By: Angie Vertti Canto
Recent developments in lower federal courts could be setting the stage for future Supreme Court intervention in several cases involving trans-centric issues. The Supreme Court last considered a case involving trans rights in 2019, ruling in a 6-3 opinion that the Civil Rights Act of 1964 ban on workplace discrimination on the basis of “sex,” also covers sexual orientation and gender identity. A number of cases in the lower courts could provide the Supreme Court an opportunity to revisit the question and further bolster – or jeopardize – transgender rights in the United States.
The Second Circuit will hear arguments in June in Soule v. CIAC, which revolves around Connecticut’s decision to allow transgender girls to compete in girls’ school sports. In December, a three-judge panel of the court sided with the state’s high schools on narrow grounds. A similar case is unfolding in West Virginia, where the Attorney General is preparing to ask the Supreme Court to allow enforcement of a law banning transgender athletes from female sports teams.
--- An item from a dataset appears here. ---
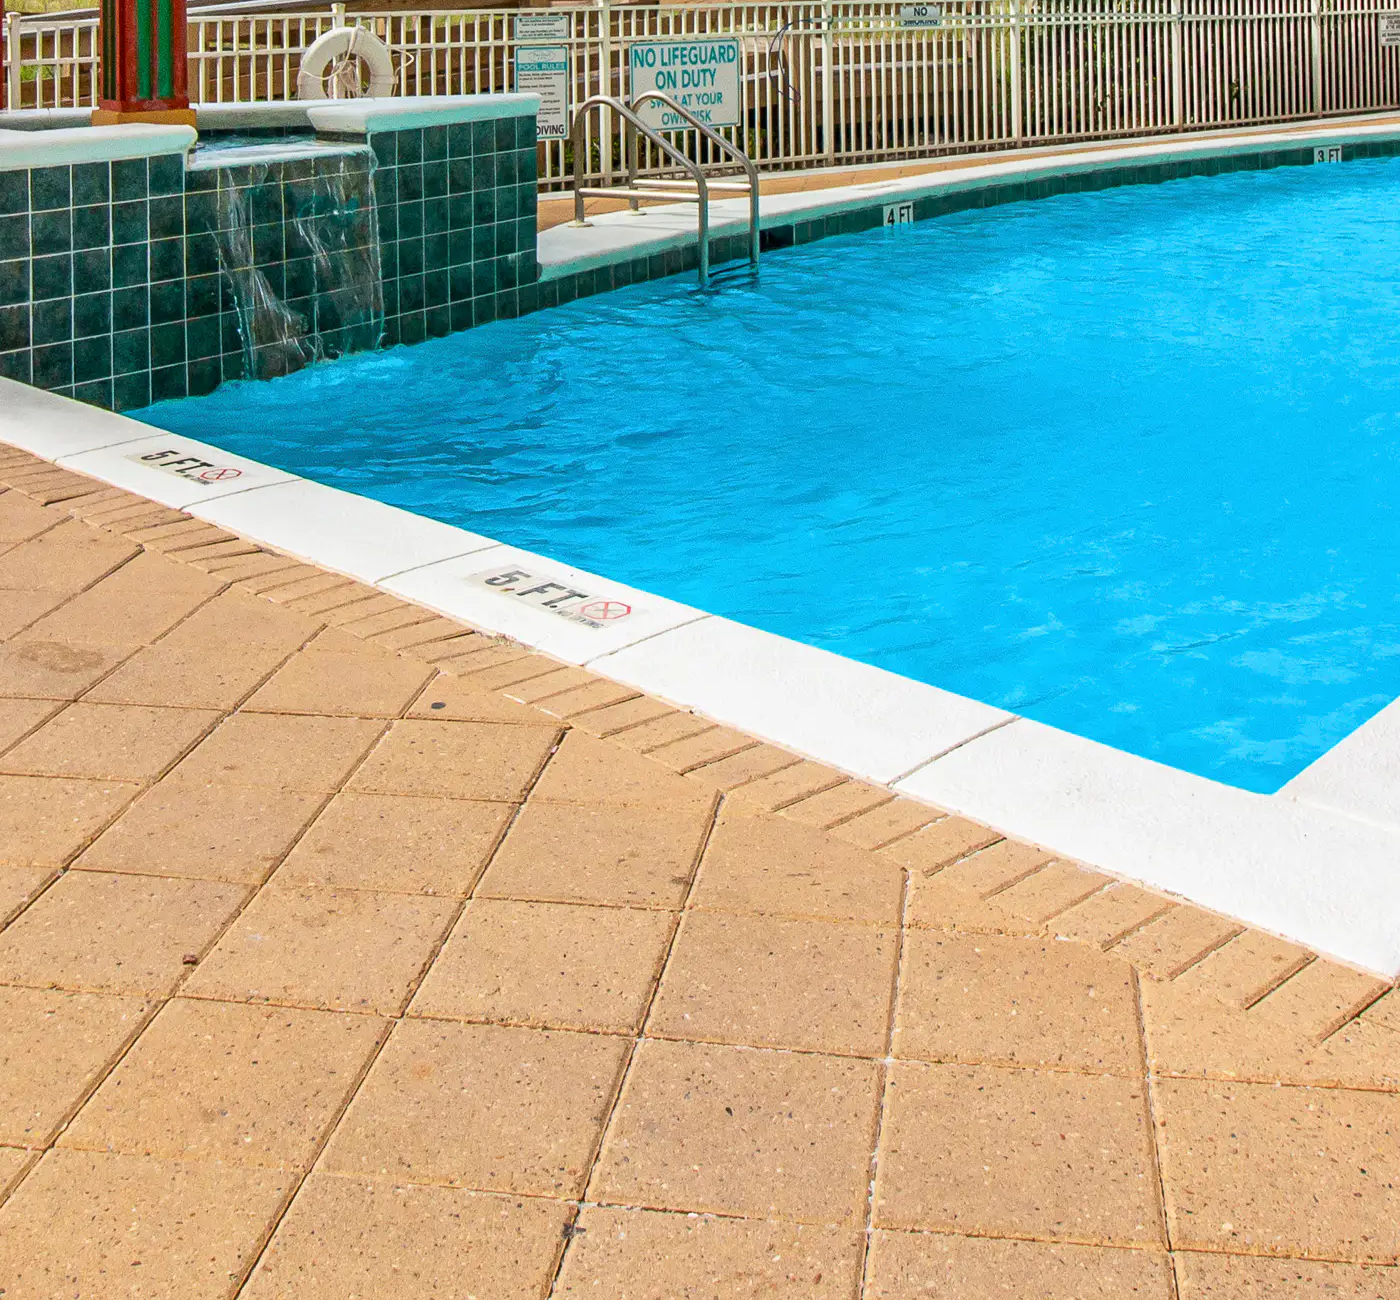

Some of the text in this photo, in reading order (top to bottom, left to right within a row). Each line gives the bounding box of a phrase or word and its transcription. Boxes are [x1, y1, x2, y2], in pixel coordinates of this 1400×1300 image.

The AG stated that West Virginia will ask the justices to lift an injunction blocking the law that the Fourth Circuit has imposed while litigation continues over its legality.
In December, the Eleventh Circuit upheld a Florida school district’s prohibition on students using bathrooms that match their gender identity, creating a split among lower courts. The Eleventh Circuit backed a Florida school district’s policy banning transgender students from using bathrooms that match their gender identity. Although the no petition for certiorari has been filed, the circuit split that the 7-2 decision created with the Fourth Circuit and Seventh Circuits, which have struck down similar policies, may entice the Supreme Court to review the issue.
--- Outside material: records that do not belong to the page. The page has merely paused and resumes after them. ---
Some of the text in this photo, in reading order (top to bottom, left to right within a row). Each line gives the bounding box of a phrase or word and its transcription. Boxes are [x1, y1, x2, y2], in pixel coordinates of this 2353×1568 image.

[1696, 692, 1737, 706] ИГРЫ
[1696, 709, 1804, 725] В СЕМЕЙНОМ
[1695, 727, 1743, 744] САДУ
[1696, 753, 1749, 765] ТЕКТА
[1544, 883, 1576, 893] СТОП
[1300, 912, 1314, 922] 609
Meanwhile, people are still awaiting a decision from the Fourth Circuit regarding North Carolina’s exclusion of coverage for gender-affirming treatment in the state health insurance plan for government employees. The court appeared “sharply divided” during arguments in January. Currently, North Carolina and at least 15 other states, including Texas, Florida, Ohio and Georgia, explicitly exclude coverage for gender-affirming care in their employee health plans. The lawsuit is the first of its kind to reach a federal appeals court.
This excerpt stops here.